(What needs to be done): Begin with the line containing "this 2121×1414 image." and end with the last line of the data below; return those lines exactly, and only those.

(Data extract):
###

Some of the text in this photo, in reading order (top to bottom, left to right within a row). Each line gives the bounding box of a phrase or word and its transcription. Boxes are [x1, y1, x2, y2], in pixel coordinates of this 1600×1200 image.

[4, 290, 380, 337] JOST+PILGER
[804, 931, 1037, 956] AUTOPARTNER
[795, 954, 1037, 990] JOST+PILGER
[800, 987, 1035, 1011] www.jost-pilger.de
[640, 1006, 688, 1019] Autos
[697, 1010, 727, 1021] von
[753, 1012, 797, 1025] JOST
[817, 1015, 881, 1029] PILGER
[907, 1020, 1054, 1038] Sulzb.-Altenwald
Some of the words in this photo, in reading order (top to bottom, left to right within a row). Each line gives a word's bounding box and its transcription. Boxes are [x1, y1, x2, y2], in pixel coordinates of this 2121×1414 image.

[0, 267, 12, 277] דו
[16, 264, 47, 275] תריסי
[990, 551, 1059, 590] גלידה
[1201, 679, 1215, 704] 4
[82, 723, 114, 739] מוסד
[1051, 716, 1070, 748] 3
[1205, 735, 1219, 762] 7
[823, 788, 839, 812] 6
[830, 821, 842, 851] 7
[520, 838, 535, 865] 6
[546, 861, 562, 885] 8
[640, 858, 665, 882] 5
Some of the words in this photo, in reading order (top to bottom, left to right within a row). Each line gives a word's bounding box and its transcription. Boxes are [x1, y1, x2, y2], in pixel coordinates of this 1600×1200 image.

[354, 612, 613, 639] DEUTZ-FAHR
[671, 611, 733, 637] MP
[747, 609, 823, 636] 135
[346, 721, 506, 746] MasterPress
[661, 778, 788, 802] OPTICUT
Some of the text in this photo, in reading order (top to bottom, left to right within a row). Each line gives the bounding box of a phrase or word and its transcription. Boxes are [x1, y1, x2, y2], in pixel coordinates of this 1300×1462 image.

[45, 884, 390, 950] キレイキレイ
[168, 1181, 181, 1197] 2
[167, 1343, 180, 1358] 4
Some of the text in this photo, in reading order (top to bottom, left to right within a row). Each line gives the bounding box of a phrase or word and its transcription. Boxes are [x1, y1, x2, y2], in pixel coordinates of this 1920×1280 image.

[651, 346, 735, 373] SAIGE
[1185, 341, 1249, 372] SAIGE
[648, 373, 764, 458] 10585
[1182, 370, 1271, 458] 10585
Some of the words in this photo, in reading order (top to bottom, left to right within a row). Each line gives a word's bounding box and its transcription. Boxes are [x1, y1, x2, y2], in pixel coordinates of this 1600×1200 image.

###

(Written response):
Some of the words in this photo, in reading order (top to bottom, left to right within a row). Each line gives a word's bounding box and its transcription. Boxes are [x1, y1, x2, y2], in pixel coordinates of this 2121×1414 image.

[0, 267, 12, 277] דו
[16, 264, 47, 275] תריסי
[990, 551, 1059, 590] גלידה
[1201, 679, 1215, 704] 4
[82, 723, 114, 739] מוסד
[1051, 716, 1070, 748] 3
[1205, 735, 1219, 762] 7
[823, 788, 839, 812] 6
[830, 821, 842, 851] 7
[520, 838, 535, 865] 6
[546, 861, 562, 885] 8
[640, 858, 665, 882] 5
Some of the words in this photo, in reading order (top to bottom, left to right within a row). Each line gives a word's bounding box and its transcription. Boxes are [x1, y1, x2, y2], in pixel coordinates of this 1600×1200 image.

[354, 612, 613, 639] DEUTZ-FAHR
[671, 611, 733, 637] MP
[747, 609, 823, 636] 135
[346, 721, 506, 746] MasterPress
[661, 778, 788, 802] OPTICUT
Some of the text in this photo, in reading order (top to bottom, left to right within a row). Each line gives the bounding box of a phrase or word and its transcription. Boxes are [x1, y1, x2, y2], in pixel coordinates of this 1300×1462 image.

[45, 884, 390, 950] キレイキレイ
[168, 1181, 181, 1197] 2
[167, 1343, 180, 1358] 4
Some of the text in this photo, in reading order (top to bottom, left to right within a row). Each line gives the bounding box of a phrase or word and its transcription. Boxes are [x1, y1, x2, y2], in pixel coordinates of this 1920×1280 image.

[651, 346, 735, 373] SAIGE
[1185, 341, 1249, 372] SAIGE
[648, 373, 764, 458] 10585
[1182, 370, 1271, 458] 10585
Some of the words in this photo, in reading order (top to bottom, left to right within a row). Each line gives a word's bounding box and its transcription. Boxes are [x1, y1, x2, y2], in pixel coordinates of this 1600×1200 image.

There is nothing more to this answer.